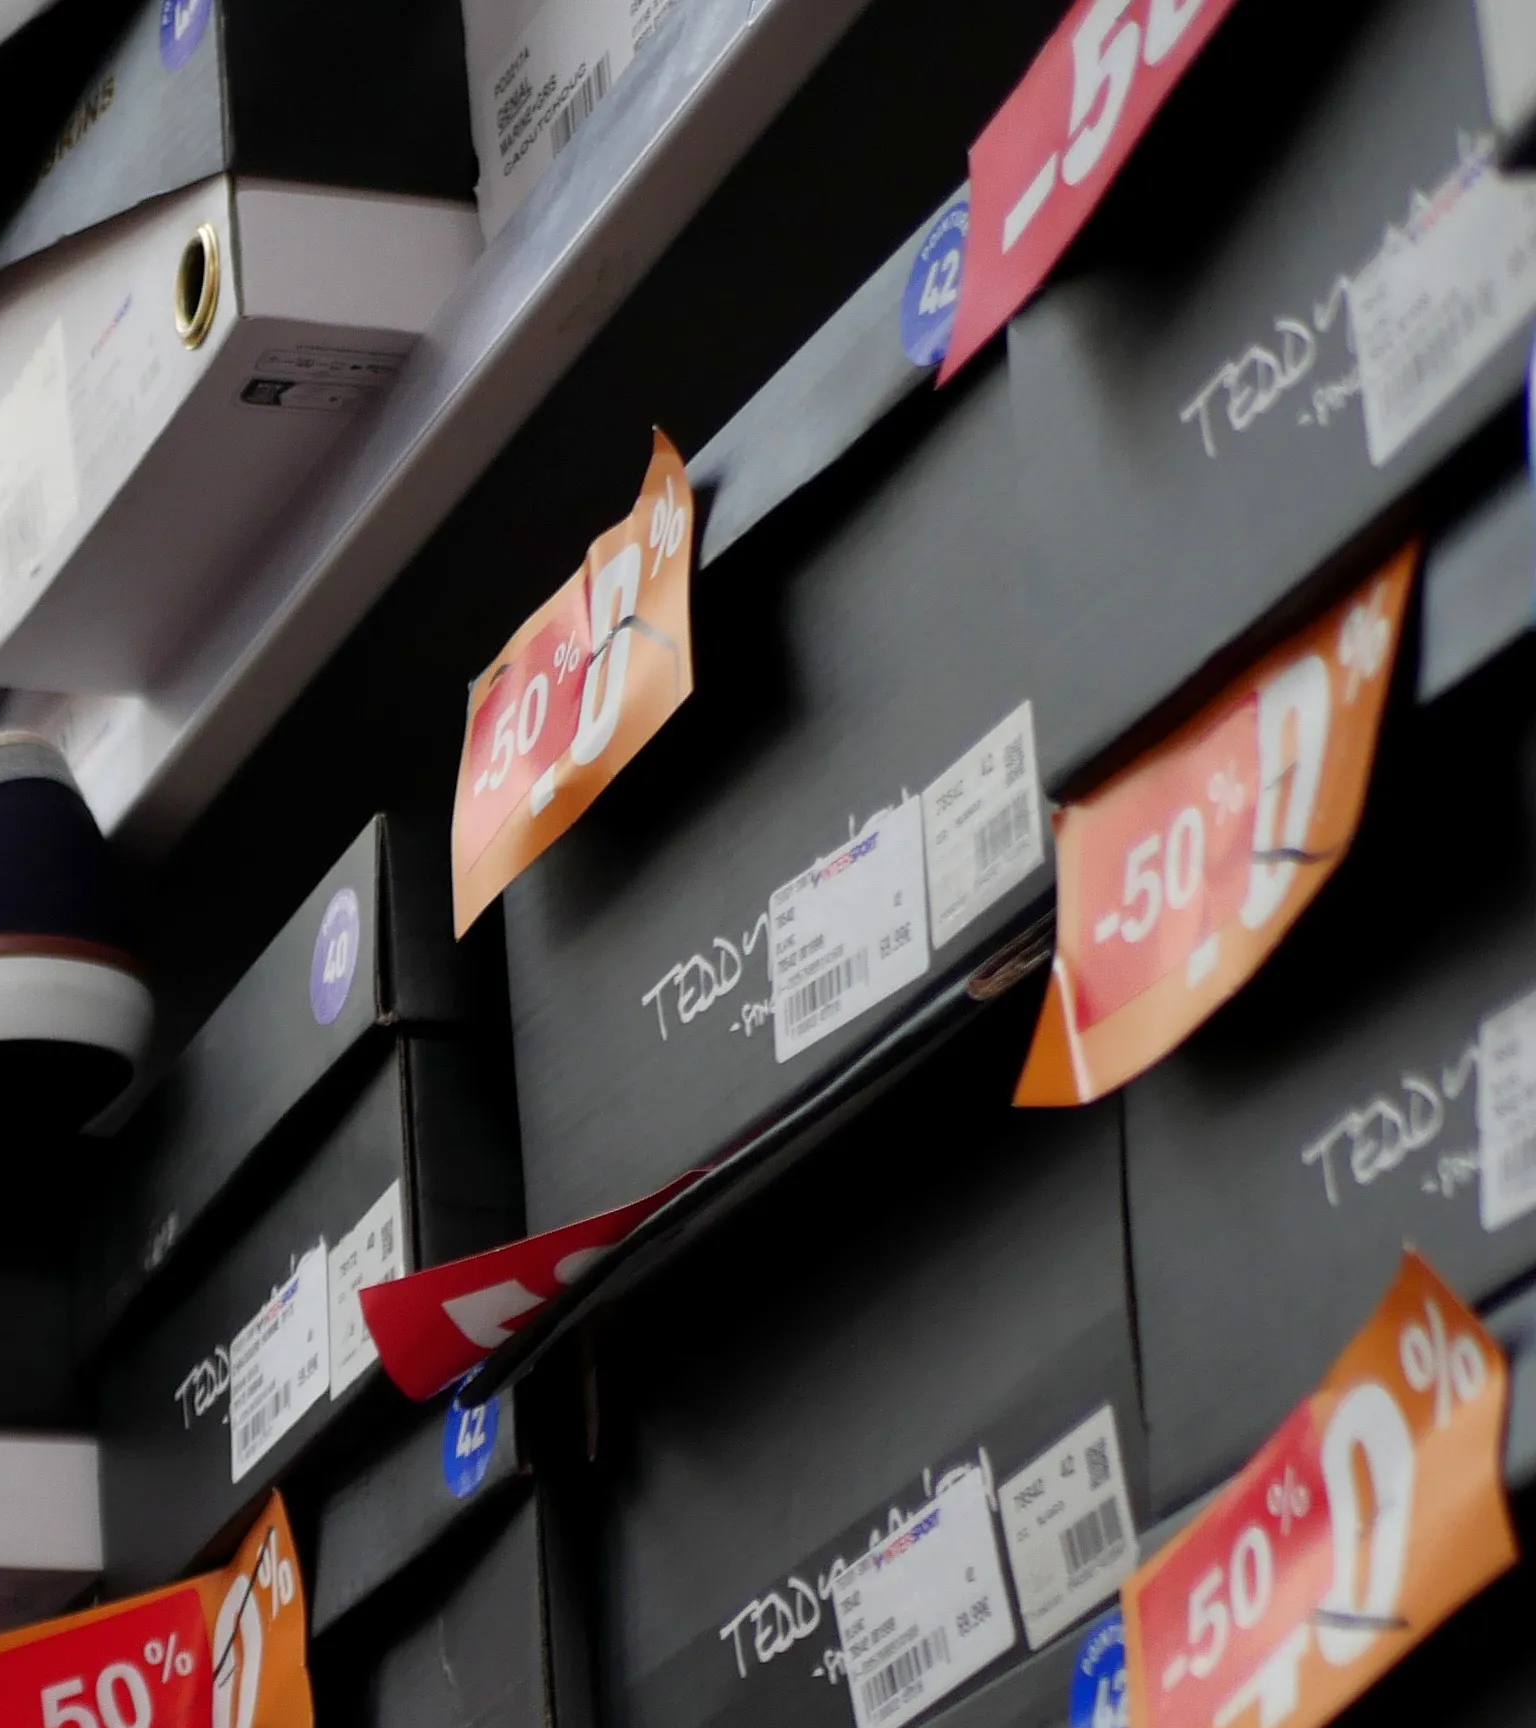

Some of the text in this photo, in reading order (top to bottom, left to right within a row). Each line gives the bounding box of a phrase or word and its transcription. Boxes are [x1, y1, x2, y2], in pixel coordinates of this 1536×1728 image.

[918, 249, 961, 316] 42
[474, 630, 581, 797] -50%
[1094, 758, 1246, 944] -50%
[455, 1402, 487, 1459] 42
[1161, 1463, 1311, 1693] -50%

Your instructions → Return all the material exactly, pictures excluded.

Exercise solution →
Some of the text in this photo, in reading order (top to bottom, left to right within a row). Each line gives the bounding box of a phrase or word and its transcription. Boxes are [x1, y1, x2, y2], in pixel coordinates of this 1536×1728 image.

[918, 249, 961, 316] 42
[474, 630, 581, 797] -50%
[1094, 758, 1246, 944] -50%
[455, 1402, 487, 1459] 42
[1161, 1463, 1311, 1693] -50%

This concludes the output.